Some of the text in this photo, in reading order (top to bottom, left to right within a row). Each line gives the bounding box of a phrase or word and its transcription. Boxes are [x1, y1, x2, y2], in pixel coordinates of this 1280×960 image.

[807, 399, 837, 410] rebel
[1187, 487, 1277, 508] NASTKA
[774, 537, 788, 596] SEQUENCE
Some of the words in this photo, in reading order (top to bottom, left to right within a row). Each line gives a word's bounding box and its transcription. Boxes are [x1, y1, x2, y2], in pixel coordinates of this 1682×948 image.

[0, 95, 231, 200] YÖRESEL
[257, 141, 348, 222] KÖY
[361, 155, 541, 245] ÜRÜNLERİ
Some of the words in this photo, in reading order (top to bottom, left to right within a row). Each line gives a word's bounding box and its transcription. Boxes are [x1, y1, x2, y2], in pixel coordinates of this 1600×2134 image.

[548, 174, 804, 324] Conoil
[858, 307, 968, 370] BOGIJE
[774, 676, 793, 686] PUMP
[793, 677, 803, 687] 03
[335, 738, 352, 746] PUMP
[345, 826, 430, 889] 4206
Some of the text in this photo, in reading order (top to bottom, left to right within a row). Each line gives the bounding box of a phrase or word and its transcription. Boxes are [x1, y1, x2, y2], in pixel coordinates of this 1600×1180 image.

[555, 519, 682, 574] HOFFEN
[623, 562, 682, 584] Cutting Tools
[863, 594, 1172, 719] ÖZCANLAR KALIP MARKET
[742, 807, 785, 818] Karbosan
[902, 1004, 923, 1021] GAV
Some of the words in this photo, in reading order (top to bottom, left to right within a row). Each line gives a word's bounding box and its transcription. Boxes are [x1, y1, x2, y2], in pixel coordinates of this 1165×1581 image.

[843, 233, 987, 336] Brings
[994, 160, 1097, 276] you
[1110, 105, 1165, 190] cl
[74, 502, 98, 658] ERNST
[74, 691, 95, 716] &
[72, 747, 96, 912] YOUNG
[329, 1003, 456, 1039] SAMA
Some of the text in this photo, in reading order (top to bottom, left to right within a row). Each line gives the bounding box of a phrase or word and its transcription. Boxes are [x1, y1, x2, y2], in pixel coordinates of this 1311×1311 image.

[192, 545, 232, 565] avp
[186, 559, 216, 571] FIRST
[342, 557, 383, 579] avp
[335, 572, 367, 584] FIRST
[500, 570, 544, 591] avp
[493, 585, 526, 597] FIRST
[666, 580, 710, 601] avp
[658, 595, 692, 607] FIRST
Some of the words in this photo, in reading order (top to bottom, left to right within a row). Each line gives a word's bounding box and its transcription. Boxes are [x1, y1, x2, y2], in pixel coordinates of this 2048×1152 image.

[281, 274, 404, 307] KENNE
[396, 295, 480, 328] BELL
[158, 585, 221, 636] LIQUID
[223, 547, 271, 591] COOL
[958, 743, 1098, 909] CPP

**Exercise brief**
Give the records above again in full, keeping every character unchanged.

**Result of this exercise**
Some of the text in this photo, in reading order (top to bottom, left to right within a row). Each line gives the bounding box of a phrase or word and its transcription. Boxes are [x1, y1, x2, y2], in pixel coordinates of this 1280×960 image.

[807, 399, 837, 410] rebel
[1187, 487, 1277, 508] NASTKA
[774, 537, 788, 596] SEQUENCE
Some of the words in this photo, in reading order (top to bottom, left to right within a row). Each line gives a word's bounding box and its transcription. Boxes are [x1, y1, x2, y2], in pixel coordinates of this 1682×948 image.

[0, 95, 231, 200] YÖRESEL
[257, 141, 348, 222] KÖY
[361, 155, 541, 245] ÜRÜNLERİ
Some of the words in this photo, in reading order (top to bottom, left to right within a row). Each line gives a word's bounding box and its transcription. Boxes are [x1, y1, x2, y2], in pixel coordinates of this 1600×2134 image.

[548, 174, 804, 324] Conoil
[858, 307, 968, 370] BOGIJE
[774, 676, 793, 686] PUMP
[793, 677, 803, 687] 03
[335, 738, 352, 746] PUMP
[345, 826, 430, 889] 4206
Some of the text in this photo, in reading order (top to bottom, left to right within a row). Each line gives the bounding box of a phrase or word and its transcription. Boxes are [x1, y1, x2, y2], in pixel coordinates of this 1600×1180 image.

[555, 519, 682, 574] HOFFEN
[623, 562, 682, 584] Cutting Tools
[863, 594, 1172, 719] ÖZCANLAR KALIP MARKET
[742, 807, 785, 818] Karbosan
[902, 1004, 923, 1021] GAV
Some of the words in this photo, in reading order (top to bottom, left to right within a row). Each line gives a word's bounding box and its transcription. Boxes are [x1, y1, x2, y2], in pixel coordinates of this 1165×1581 image.

[843, 233, 987, 336] Brings
[994, 160, 1097, 276] you
[1110, 105, 1165, 190] cl
[74, 502, 98, 658] ERNST
[74, 691, 95, 716] &
[72, 747, 96, 912] YOUNG
[329, 1003, 456, 1039] SAMA
Some of the text in this photo, in reading order (top to bottom, left to right within a row). Each line gives the bounding box of a phrase or word and its transcription. Boxes are [x1, y1, x2, y2], in pixel coordinates of this 1311×1311 image.

[192, 545, 232, 565] avp
[186, 559, 216, 571] FIRST
[342, 557, 383, 579] avp
[335, 572, 367, 584] FIRST
[500, 570, 544, 591] avp
[493, 585, 526, 597] FIRST
[666, 580, 710, 601] avp
[658, 595, 692, 607] FIRST
Some of the words in this photo, in reading order (top to bottom, left to right within a row). Each line gives a word's bounding box and its transcription. Boxes are [x1, y1, x2, y2], in pixel coordinates of this 2048×1152 image.

[281, 274, 404, 307] KENNE
[396, 295, 480, 328] BELL
[158, 585, 221, 636] LIQUID
[223, 547, 271, 591] COOL
[958, 743, 1098, 909] CPP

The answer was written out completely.